あなたをここではないどこかへと誘い
導く朧げを交えたUruの歌唱
そんなUruからニューアルバム『オリオンブルー』が届いた。むろんここでも「朧げ」は、自身が作詞作曲を務めたその各曲での歌内容も含め、我々を「ここではないどこか」へと導き誘ってくれる。
後半では、TVアニメ「グランベルム」挿入歌「Scenery」、「横顔」でのノスタルジック性溢れる情景感たっぷりな歌声と歌物語を経て、最後は映画「劇場版夏目友人帳〜うつせみに結ぶ〜」主題歌の「remember」が、その伸びやかで力強い歌声と共にしっかりと次に向かっていくバイタリティをみなに与えてくれる。
そしてオリジナルアルバムの収録曲に加えて今回も特筆すべきは、前作同様ファーストアルバムでも、初回盤B[カバー盤]に収録されているカバー曲たちだ。

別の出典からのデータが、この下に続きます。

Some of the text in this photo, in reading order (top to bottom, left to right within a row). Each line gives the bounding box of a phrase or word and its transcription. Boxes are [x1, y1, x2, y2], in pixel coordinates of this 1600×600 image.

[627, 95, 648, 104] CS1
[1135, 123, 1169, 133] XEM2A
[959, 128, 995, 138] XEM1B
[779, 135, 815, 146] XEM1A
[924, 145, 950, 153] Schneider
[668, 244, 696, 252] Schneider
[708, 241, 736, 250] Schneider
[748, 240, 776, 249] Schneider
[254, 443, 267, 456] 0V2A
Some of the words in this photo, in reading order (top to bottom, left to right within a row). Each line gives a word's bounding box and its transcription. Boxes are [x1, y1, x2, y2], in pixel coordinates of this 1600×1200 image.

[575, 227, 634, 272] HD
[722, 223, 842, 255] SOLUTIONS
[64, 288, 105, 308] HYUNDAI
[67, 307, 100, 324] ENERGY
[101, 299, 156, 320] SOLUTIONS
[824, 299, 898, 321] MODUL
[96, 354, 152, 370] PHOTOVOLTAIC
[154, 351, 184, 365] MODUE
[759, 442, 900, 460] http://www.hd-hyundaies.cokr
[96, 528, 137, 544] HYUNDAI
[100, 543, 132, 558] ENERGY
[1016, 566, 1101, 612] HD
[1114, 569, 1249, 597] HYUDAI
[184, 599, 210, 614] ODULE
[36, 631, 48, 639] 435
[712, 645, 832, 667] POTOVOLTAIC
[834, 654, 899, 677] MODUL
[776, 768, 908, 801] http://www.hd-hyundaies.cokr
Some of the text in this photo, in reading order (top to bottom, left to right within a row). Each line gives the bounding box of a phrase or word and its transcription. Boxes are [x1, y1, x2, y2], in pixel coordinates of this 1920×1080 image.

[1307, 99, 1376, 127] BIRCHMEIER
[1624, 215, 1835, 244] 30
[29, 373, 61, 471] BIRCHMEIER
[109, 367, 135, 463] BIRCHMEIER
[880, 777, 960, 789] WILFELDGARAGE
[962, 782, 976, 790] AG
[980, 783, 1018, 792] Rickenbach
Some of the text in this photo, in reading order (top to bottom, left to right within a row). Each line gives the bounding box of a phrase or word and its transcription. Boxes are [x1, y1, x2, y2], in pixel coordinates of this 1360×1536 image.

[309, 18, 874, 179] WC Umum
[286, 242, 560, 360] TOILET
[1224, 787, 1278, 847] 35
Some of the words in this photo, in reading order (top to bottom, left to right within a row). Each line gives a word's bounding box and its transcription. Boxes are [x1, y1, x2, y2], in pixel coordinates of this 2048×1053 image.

と、その内容の紹介の前にUruとカバーの歴史を振り返ろう。彼女の現在までにおいて切っても切り離せぬ重要な表現でもあった、このカバー群。シングルのカップリングへの毎度の収録を始め、ライヴの際にも都度多くのカバー曲が贈られている。そして歌われるそれらからは、オリジナルへの聴き手の想い出やノスタルジックさ、思い入れを尊重しつつも、自身の特性を交えて歌われているのも印象深い。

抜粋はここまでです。